As a young lawyer, I distinctly remember getting the advice that bar associations were a waste of time because clients weren’t there — just the competition. I think that is shortsighted, especially if you are in a specialized legal area. Other lawyers can be great referral sources either because they are in a different practice area or have been conflicted out, or practice in a different jurisdiction.
But bar associations are not the only option. Consider the professional organizations that your clients and prospective clients are a part of — whether they are chambers of commerce or civic organizations like the Lions Club or industry-specific groups focused on commercial real estate, energy or utilities.
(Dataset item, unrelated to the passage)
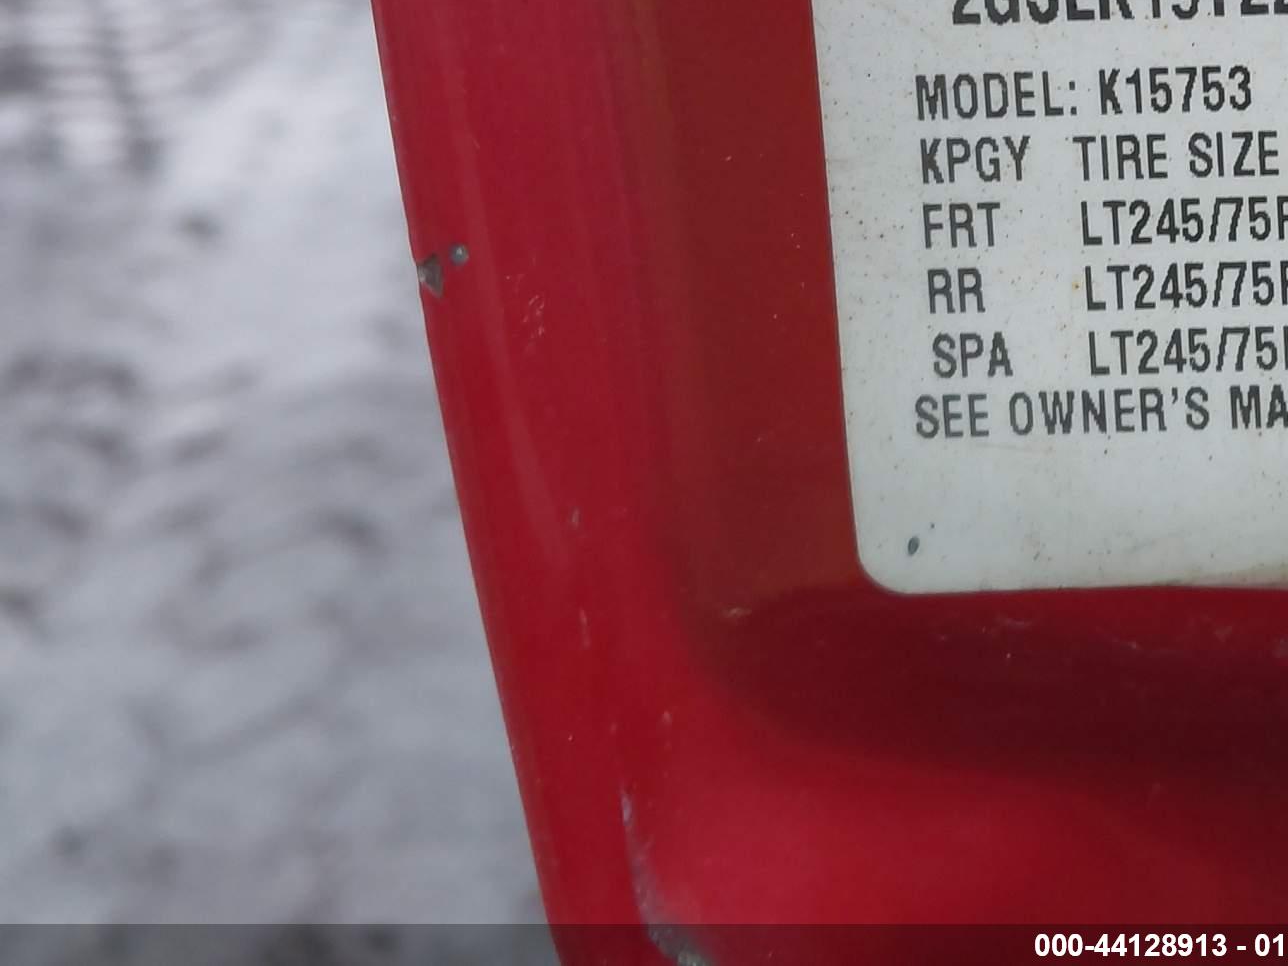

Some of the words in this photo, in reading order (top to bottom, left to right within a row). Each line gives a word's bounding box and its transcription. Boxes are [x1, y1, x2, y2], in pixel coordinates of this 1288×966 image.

Remember, though, that paying your dues and showing up occasionally is not enough. You want to become a familiar face and to be seen as engaging and helpful.
3. Community Places
Another place to build your lawyer network is through volunteering in the community or through a philanthropic organization. Working side-by-side with someone is a way to develop trust — whether as a “worker bee” in a food bank, in a leadership capacity, or by organizing an event or joining a board. Just be sure to choose a cause you genuinely care about.
Notably, a lot of nonprofit boards would love to have a lawyer, and the more prestigious philanthropic organizations have influential people on their boards. Being involved in these groups can give you access and opportunities to demonstrate your capabilities in a low-stakes environment.
It’s Never Too Soon or Too Late to Build Your Network
It bears noting that I do not encourage you to try building your network in all three places at once. You have to work, after all. I do suggest looking at your “plate” over the course of a few years and being strategic about where you land next. And, of course, look for opportunities that will help you bloom where you’re planted.
As for timing, it is never too early for young lawyers in private practice to start building a network. For more seasoned lawyers, it is never too late.